A coleção chama-se “Aquí y
ahora” (Aqui e agora) e, sob a rubrica da Universidade de Puerto Rico, quer
mostrar a produção de poesia, ensaio, teatro e narrativa dos autores
porto-riquenhos sejam eles novos ou consagrados, residam ou não na Ilha.
Número 12 da coleção, Este ojo que me mira (Este olho que me
olha) cuja autora, Loreina Santos Silva, além da Cátedra de Literatura, exerce,
já há muito, o belo ofício de poeta.
Publicado em dezembro de
1996 esta sua última obra é um livro de memórias. Elas começam já na capa onde
dois pequenos retratos da autora se mostram; um, repetido quatro vezes,
enlaçando o outro, no centro, inserido num círculo, lembrando um olho. As
memórias continuam na dedicatória, uma explicação da gênese do livro: a partir
dos rostos do artista Sam Francis, que viu na exposição, ela traça os seus
próprios rostos sob o impulso da palavra. A partir de então, é uma construção
que se faz, pouco a pouco, em pequenos textos, aprofundando-se nesses retalhos
de vida que ela, como poeta, expressa liricamente.
O primeiro texto chama-se
“Golpeando-se el vacio” e o olho que me
olha, que inicia cada um dos relatos, a vê recém-nascida, ainda com os olhinhos
fechados e os fiapos de cabelo aloirado. Vê os que a rodeiam nessa hora mas é
ela, agora, já de posse de sua vida, que reflete sobre a dor de nascer, de ser
jogada nesses punhais invisíveis que
assentam os golpes da dor e da alegria.
E assim serão essas
memórias: um narrar de episódios cotidianos – o café da manhã com os primos, a
espera dos Reis Magos, o encontro com a madrasta, as travessuras – e do momento
sentido.
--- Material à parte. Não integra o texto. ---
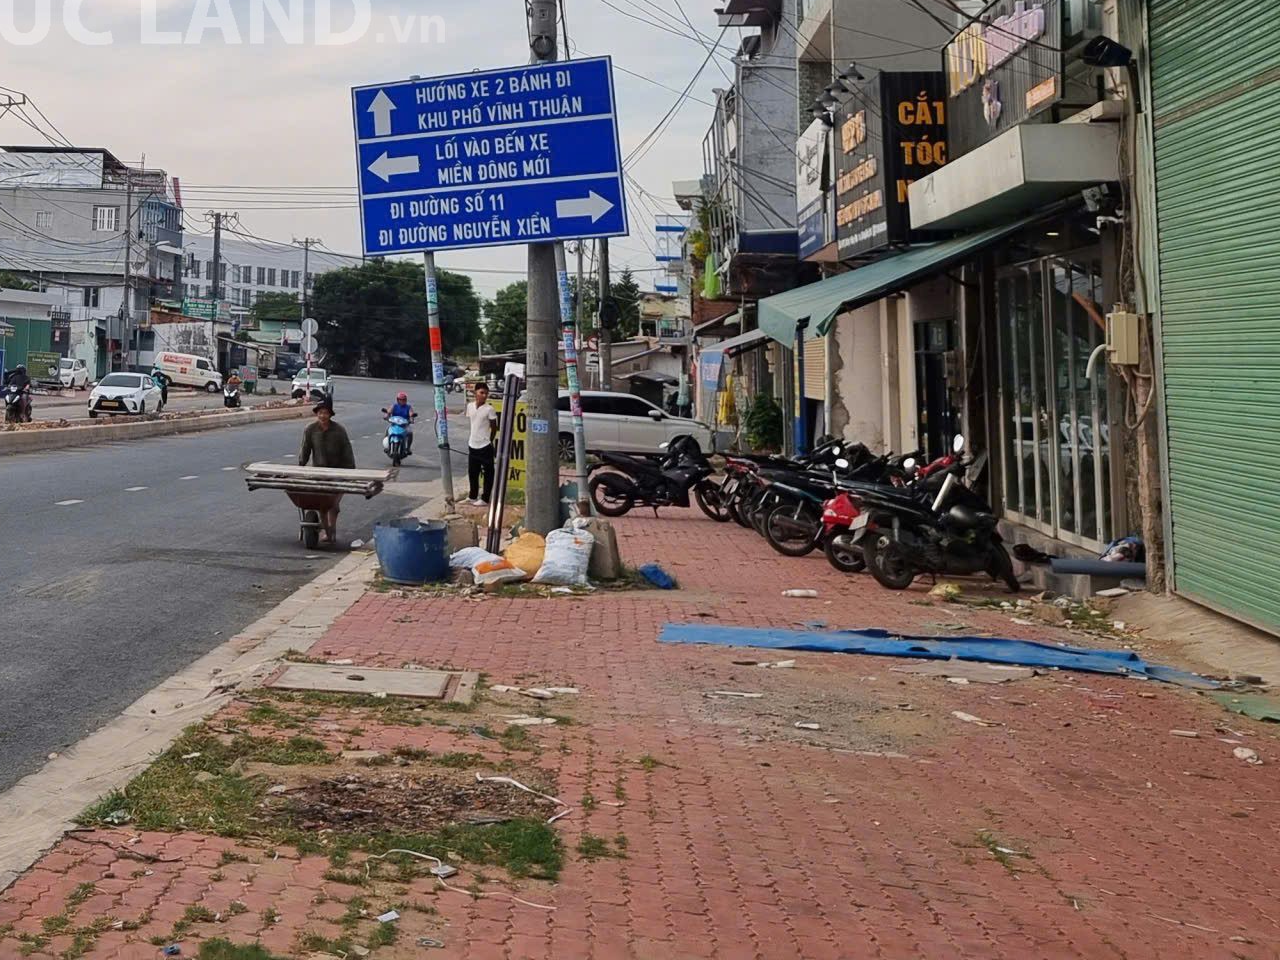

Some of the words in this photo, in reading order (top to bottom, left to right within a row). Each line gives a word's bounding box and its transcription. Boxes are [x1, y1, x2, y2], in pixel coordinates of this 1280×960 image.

[416, 80, 466, 105] HƯỚNG
[471, 78, 489, 98] XE
[496, 78, 504, 95] 2
[509, 71, 551, 94] BÁNH
[556, 69, 571, 89] ĐI
[418, 110, 447, 130] KHU
[452, 102, 483, 126] PHỐ
[487, 99, 524, 123] VĨNH
[528, 95, 583, 119] THUẬN
[435, 137, 458, 161] LỐI
[463, 135, 490, 158] VÀO
[495, 130, 525, 154] BẾN
[530, 132, 549, 152] XE
[437, 162, 472, 185] MIỀN
[478, 159, 517, 182] ĐÔNG
[523, 152, 550, 177] MỚI
[390, 201, 404, 219] ĐI
[409, 194, 460, 218] ĐƯỜNG
[464, 189, 486, 212] SỐ
[489, 193, 505, 211] 11
[378, 228, 393, 247] ĐI
[398, 221, 448, 245] ĐƯỜNG
[453, 214, 511, 241] NGUYỄN
Então, suas palavras se intensificam e delas emerge um comovente mundo
infantil todo feito de emoções: a raiva de ser retratada ao lado da pequena
inimiga; a humilhação pelas palmadas da mãe, castigando a brincadeira inocente;
as lágrimas da orfandade; o medo de uma aparição; o horror diante da obrigação
de tomar vermífugo; a indignação ao ouvir a proposta atrevida; a vergonha pela
acusação injusta; os desejos do futuro; a tristeza de ter perdido os poemas da
mãe; a desilusão de um reencontro passados os anos.
Cada texto é uma peça a
compor a alma infantil que não foi poupada pelo sofrimento – o abandono do pai,
a morte da mãe – mas que se constrói, subjugada pela atração que a vida nela
exerce.
Este ojo que me mira é um emocionado poema em prosa que não esconde as
hipocrisias religiosas ou a submissão de seu país aos Estados Unidos e onde reina
a inigualável ânsia de viver de Loreina Santos Silva.
Seus olhos se extasiam
diante dos mares e montanhas do país, diante do avermelhado fulgor das
amapolas; seus ouvidos se alegram com a voz dos grilos e dos sapos, com a
orquestra de pássaros matinais; seu olfato se delicia com os odores da cozinha,
esse lugar mágico onde se assam
bananas verdes e batatas e onde pairam os aromas de orégano, alho, cominho e
patchuli; seu paladar se lembra do bacalhau com beringelas, recheado de queijo
e passas, amêndoas e picadinho de ovo; e se lembra da canjica e do arroz doce.
Seu rosto, sendo feliz com o roçar do vento.
E, entregando-se a cada
sentir, a criança que é vista por esse olho
que olha descobre o mundo e vai se preparando para viver. Um aprendizado
que lhe permitiu acabar sendo o que um dia sonhou: a professora amorosamente
cheia de bondade e essa mulher, alimentada pelo segredo da poesia.